This is election season in many parts of the world, with the elections that are taking place testifying to the upheavals of our times and adding various doses of excitement, disappointment, or confusion, depending on one’s perspective.
Elections are a mechanism invented in order to settle differences. The winning majority proceeds on its chosen path, while the losing minority accepts its fate. In theory, periodic elections make it possible to change those in power, giving an opportunity to a previous minority and rectifying the failures of a previous majority.
However, as we all know, things do not always work out that way.
Sometimes, the winning majority in elections seeks to satisfy its immediate wants, leaving middle and long-range objectives to future generations. At the same time, a losing minority may feel that it has been wronged by deceit or injustice and go on to harbour resentment. The losers in a head-to-head race might succumb to suspicions of electoral tampering.
In elections in which no one party wins a majority, disparate political tribes may scramble to forge alliances or blocs large enough to get them beyond the 50 per cent threshold, even if only by a single vote.
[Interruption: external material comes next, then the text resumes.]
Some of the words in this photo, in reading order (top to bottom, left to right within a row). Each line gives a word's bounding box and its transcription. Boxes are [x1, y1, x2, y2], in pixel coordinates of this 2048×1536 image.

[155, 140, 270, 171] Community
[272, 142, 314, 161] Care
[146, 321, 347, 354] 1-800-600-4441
The purpose of all this is to advance the general welfare, or, more precisely, to promote the outlook that is thought best able to advance that welfare. This requires powers of wisdom and rational persuasion. Unfortunately, the former can be lacking, and the latter can yield to anger or recrimination that on occasion can escalate into violence and strife.
In sharply divided societies, the process can be cyclical: the spirit of compromise vanishes, and the losers merely recoil and prepare for another round. In modern times, elections have become akin to football matches, while technological advances have facilitated deception and a blurring of the boundaries between image and truth. The trend has been epitomised by the populism and fake news that have been plaguing democratic systems worldwide.
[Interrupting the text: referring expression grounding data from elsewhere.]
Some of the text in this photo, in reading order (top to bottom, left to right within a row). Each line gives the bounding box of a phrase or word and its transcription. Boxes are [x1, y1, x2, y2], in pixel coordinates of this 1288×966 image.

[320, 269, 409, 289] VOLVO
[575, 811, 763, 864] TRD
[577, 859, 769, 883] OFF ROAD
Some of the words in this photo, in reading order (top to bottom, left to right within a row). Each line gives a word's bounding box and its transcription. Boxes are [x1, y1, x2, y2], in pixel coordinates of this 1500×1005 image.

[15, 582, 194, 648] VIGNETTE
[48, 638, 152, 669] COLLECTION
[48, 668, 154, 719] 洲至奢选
The recent Brazilian presidential elections saw a narrow win. In the second round, a one per cent difference stood between the victor, former president Luiz Inacio Lula da Silva, and the loser, the country’s incumbent president Jair Bolsonaro. The former hails from the left while the latter, who hails from the ultranationalist right, came to power on the strength of the failures of the left.
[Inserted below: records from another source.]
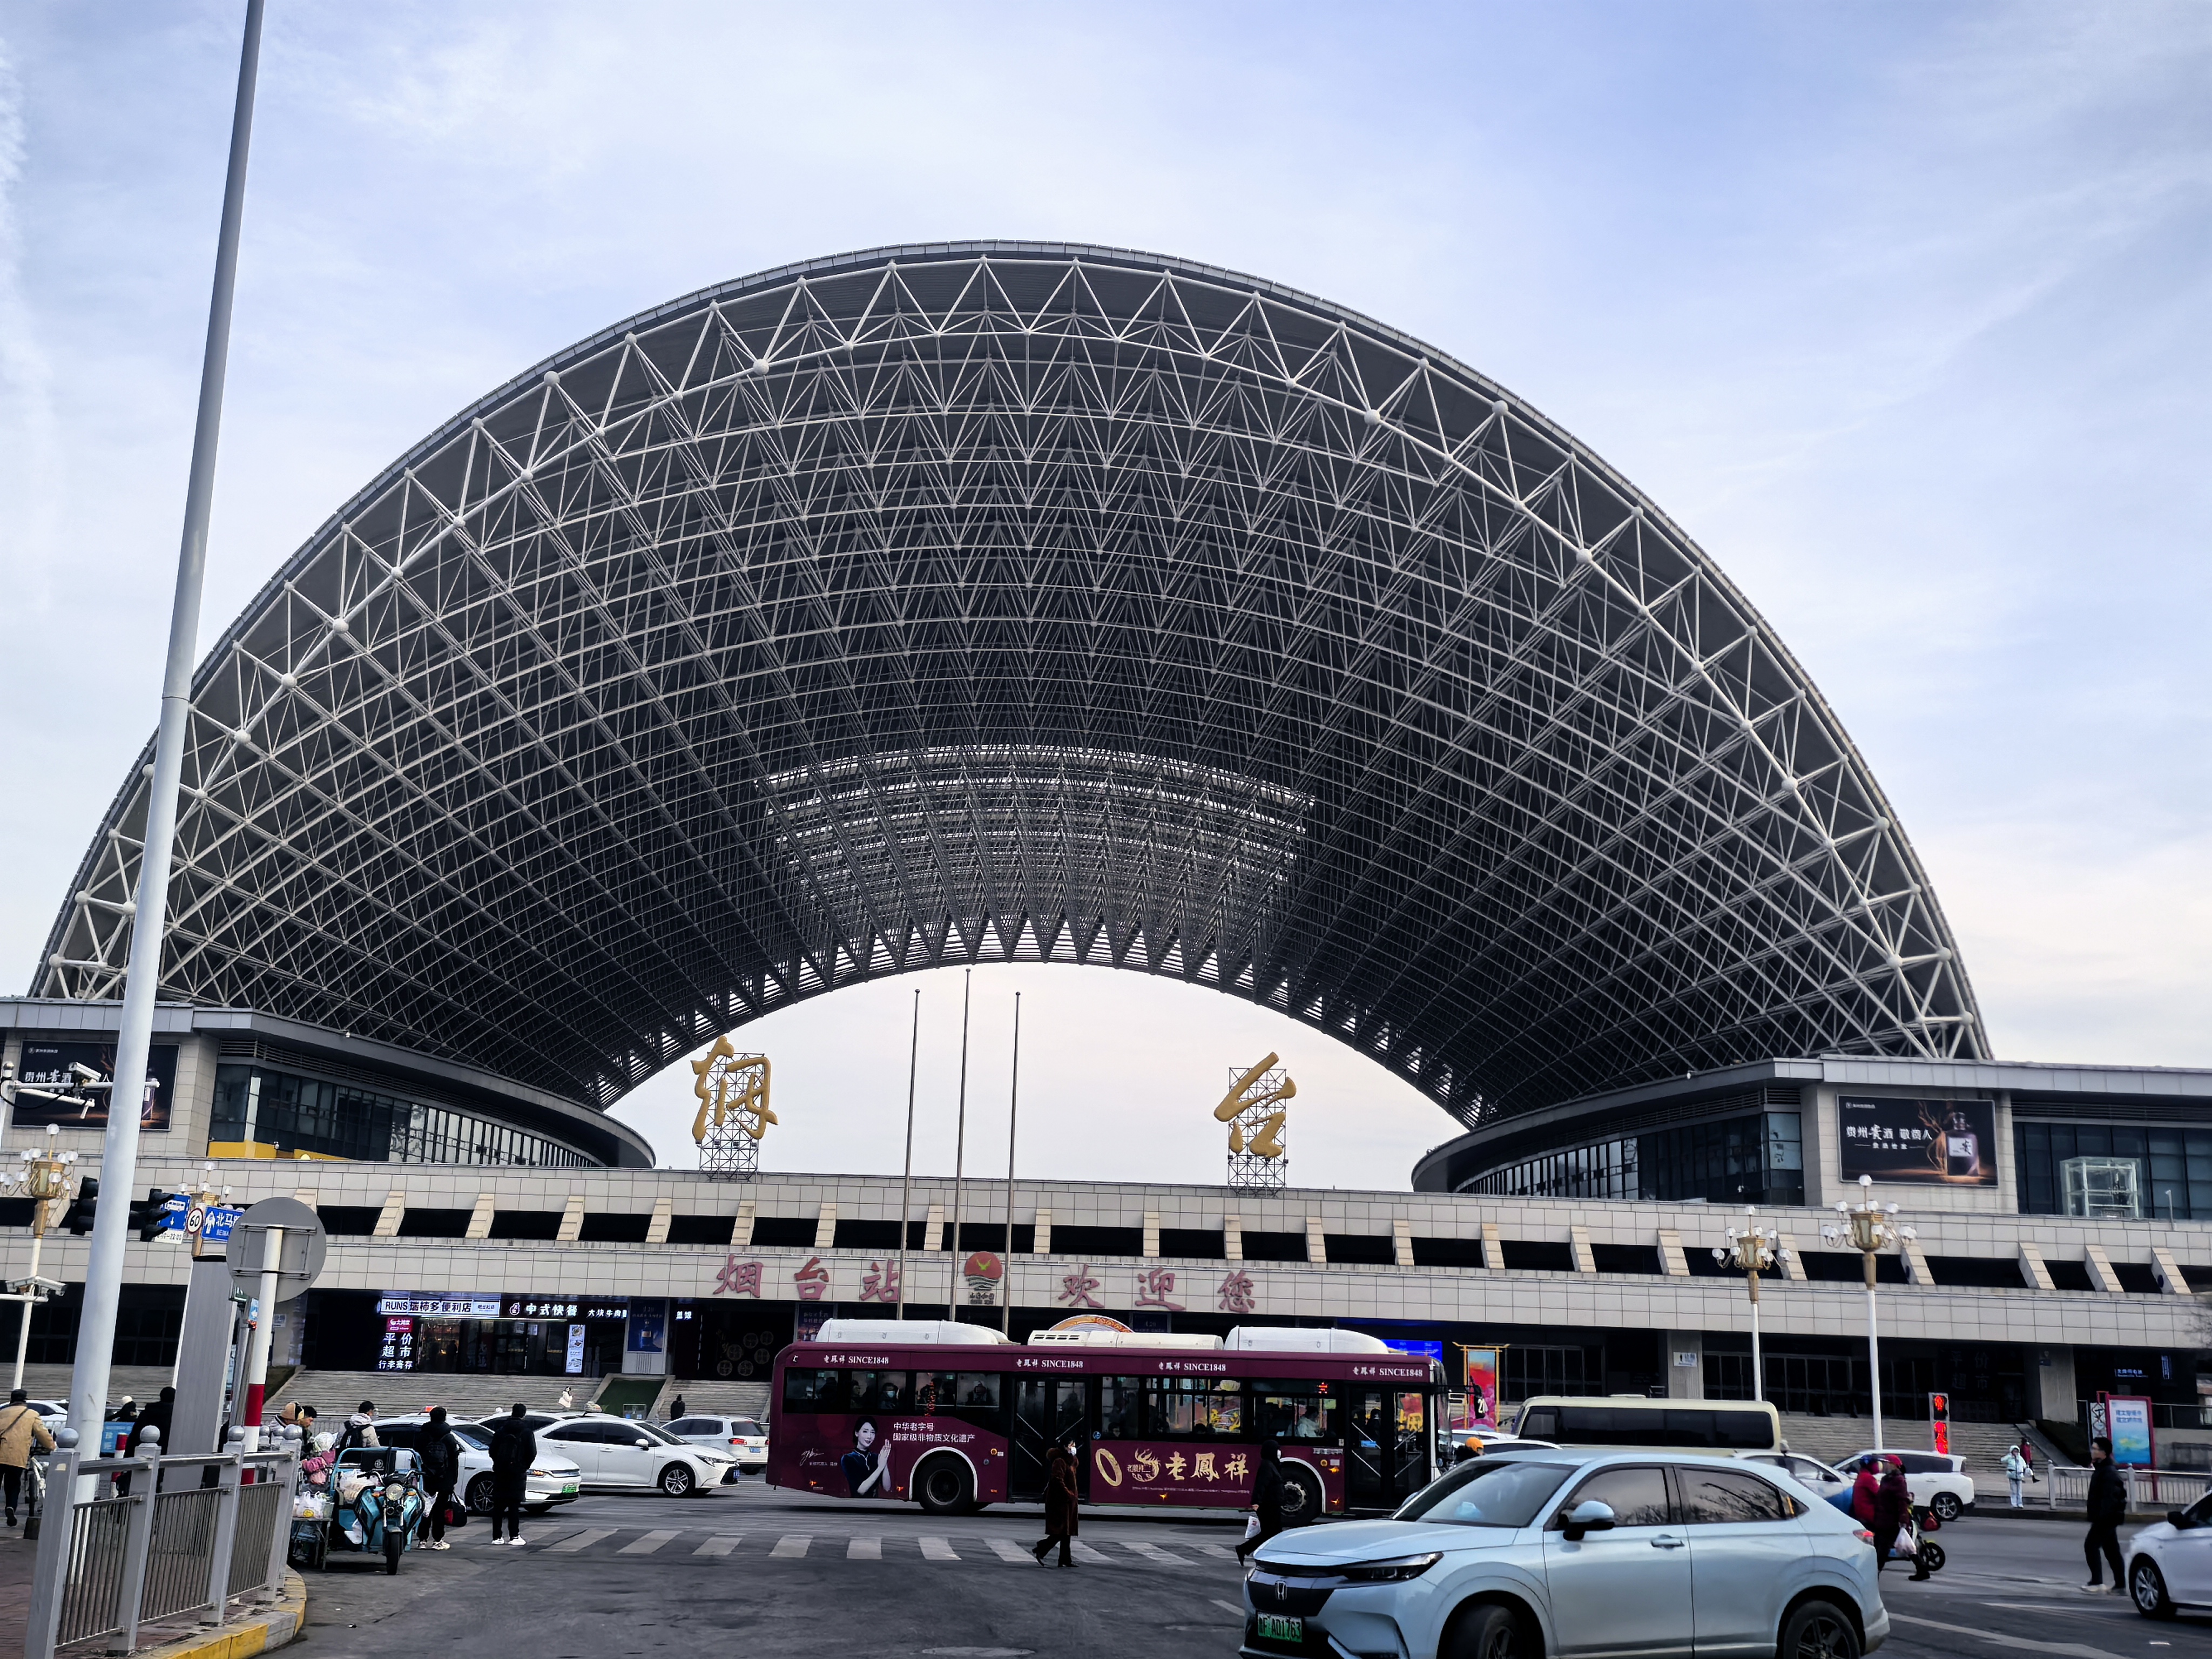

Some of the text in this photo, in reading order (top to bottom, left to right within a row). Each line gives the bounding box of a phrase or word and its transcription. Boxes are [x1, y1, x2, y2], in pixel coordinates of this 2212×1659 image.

[190, 1215, 200, 1227] 60
[713, 1255, 1256, 1313] 烟台站 欢迎您
[385, 1301, 408, 1311] RUNS
[525, 1303, 578, 1317] 中式快餐
[382, 1332, 413, 1345] 平价
[382, 1346, 412, 1358] 超市
[379, 1360, 413, 1370] 行李寄存
[848, 1355, 889, 1365] SINCE1848
[1041, 1359, 1084, 1368] SINCE1848
[1184, 1363, 1226, 1372] SINCE1848
[1379, 1367, 1423, 1377] SINCE1848
[893, 1422, 935, 1431] 中华老字号
[893, 1433, 975, 1442] 国家级非物质文化遗产
Some years after his first term in office, Lula was convicted and imprisoned on charges of corruption, then released after Brazil’s Supreme Court annulled the cases against him. He emerged with sufficient hero status to run against Bolsonaro and win. It remains for history and historians to determine at what point the Brazilian people were wiser: in ousting the left to bring in Bolsonaro or in ousting Bolsonaro to bring back Lula.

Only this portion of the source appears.